Omicidio di Yara, parlano i genetisti: “il DNA non può essere l’unica prova”

Il Fatto Quotidiano interroga quattro importanti genetisti sul caso Yara.

Sono in tanti, mi riferisco all’opinione pubblica, a credere nella colpevolezza di Massimo Giuseppe Bossetti nell’omicidio di Yara Gambirasio. I commenti sui social network sono un chiaro esempio di cosa pensano i cittadini, convinti in grande maggioranza che il caso sia risolto. La verità è altrove e nonostante le indiscrezioni, spesso smentite dagli stessi inquirenti, che aggiungono elementi contro il muratore di Mapello, Bossetti è innocente fino a prova contraria.

Stamattina Il Fatto Quotidiano ha pubblicato un’interessante intervista ad alcuni noti genetisti italiani che spiegano perchè, soltanto alla luce del DNA, non è possibile condannare Bossetti per quel barbaro delitto.

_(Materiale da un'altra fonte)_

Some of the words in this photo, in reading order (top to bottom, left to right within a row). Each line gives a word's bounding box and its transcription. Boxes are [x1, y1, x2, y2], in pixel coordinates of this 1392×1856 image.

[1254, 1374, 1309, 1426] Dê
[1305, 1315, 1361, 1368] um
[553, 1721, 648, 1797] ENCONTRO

E’ vero, il Dna del’uomo è stato rinvenuto sugli slip della giovanissima ginnasta. Questo ce lo dice la scientifica e il margine d’errore è vicino allo zero, così come è impossibile che ci troviamo di fronte a due profili genetici identici. Andrea Ballabio, dell’Istituto Telethon di genetica e medicina (Tigem) di Napoli ha dichiarato:

Qualunque risultato del test del Dna, però, non costituisce prova, ma è un elemento, sia pure molto importante, da valutare nel contesto degli altri elementi.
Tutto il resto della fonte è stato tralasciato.